Was 2020 a year to remember or a year to forget? Most of us would say the latter. It’s easy to find the downsides in 2020, harder to find the upsides, especially if grief has become personal. But many have also made big transitions in their lives: got married, changed jobs, received their exam results, started school, college or university, even started new dynamic businesses in response to the year’s challenges.

For those of us with a lifetime behind us, one year out of many might be OK to regard as just a year that has drifted by, keeping safe in our bunkers. For our four grandsons, 2020 was between a quarter and an eighth of their lives.

Looking forward, 2021 is full of hope, as vaccines get rolled out, tinged with worry, perhaps, as new variants emerge, but there is no doubt that amazing progress has been made. Progress that would not have been possible without a positive attitude from our best talent engaging in research programmes to find vaccines that work, inventing new medical devices to help treat patients, providing new ways to connect people digitally, or solving logistical issues and problems to keep economies moving. The practical appliance of science to better understand and address real world issues has shown us that positive action is a far better response than passive acceptance. And that is why engineers have made an impact.

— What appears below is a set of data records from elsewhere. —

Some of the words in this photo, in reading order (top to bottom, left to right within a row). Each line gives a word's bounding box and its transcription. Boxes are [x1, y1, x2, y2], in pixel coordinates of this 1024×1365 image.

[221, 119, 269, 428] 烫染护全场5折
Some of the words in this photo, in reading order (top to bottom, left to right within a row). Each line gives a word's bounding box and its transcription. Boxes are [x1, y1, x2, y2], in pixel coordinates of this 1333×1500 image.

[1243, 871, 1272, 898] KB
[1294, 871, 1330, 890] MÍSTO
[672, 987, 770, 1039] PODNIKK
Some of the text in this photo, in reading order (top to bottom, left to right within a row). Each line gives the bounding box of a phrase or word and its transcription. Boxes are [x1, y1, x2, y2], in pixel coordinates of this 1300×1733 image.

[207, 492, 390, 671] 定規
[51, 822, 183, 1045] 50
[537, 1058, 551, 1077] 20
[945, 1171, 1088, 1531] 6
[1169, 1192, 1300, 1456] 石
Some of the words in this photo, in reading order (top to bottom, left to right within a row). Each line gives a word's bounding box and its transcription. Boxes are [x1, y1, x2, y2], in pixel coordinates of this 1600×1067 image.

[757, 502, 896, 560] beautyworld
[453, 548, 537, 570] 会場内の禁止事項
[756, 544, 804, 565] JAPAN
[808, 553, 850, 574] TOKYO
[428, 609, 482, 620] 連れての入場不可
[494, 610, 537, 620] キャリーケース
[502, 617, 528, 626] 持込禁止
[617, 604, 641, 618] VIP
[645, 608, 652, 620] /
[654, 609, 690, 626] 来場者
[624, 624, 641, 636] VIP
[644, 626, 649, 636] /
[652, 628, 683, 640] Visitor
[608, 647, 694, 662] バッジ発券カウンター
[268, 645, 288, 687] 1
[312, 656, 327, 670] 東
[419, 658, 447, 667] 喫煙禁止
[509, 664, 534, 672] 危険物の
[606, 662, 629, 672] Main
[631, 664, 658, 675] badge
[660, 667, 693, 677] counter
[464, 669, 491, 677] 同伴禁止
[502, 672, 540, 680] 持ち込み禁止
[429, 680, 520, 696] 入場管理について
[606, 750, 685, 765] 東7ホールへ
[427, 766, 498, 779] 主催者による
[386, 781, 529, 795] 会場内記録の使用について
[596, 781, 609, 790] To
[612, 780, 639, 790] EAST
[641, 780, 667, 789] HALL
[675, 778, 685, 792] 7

But as I said in a blog in July: “The Covid-19 world will be different. But the planet-sized risk of climate change has not gone away. We need to use our thought leadership and our networking to help to make a better, smarter world with no increased risk to life – not just in the short term, but in the very, very long term.” If there is a message from 2020, it is that we have not only to put Covid-19 behind us, but to deal with Climate Change and its consequences, and for us not to forget that even greater existential threat.

Who is going to help us provide solutions? In whom should we invest to preserve the futures for our grandchildren? If you do have more spare time over the Christmas holiday, I strongly recommend listening to Mark Carney’s 2020 Reith Lectures on the BBC. In his fourth and final lecture, he identifies three essential challenges that we need to conquer for a successful future: engineering, political and financial. What a superb endorsement of the value of engineers and engineering. And what a heavy responsibility. Associated with these challenges is his call for a fundamental redefinition of value in our societies to “resilience, solidarity and sustainability”; and redefining value is a political, corporate but also a personal issue.

If there is anything positive about 2020, perhaps it might be that we have re-examined our personal definitions of value in the face of an existential threat: we should know now what REALLY matters to us; the faith and the beliefs that we hold to be true, and the ethical principles that guide us. And if we have made a positive redefinition, or a reinforcement, of our values to align with resilience, solidarity and sustainability, we are well on the way to engineering our better future.

May that we can all make a positive difference, in some way, in 2021.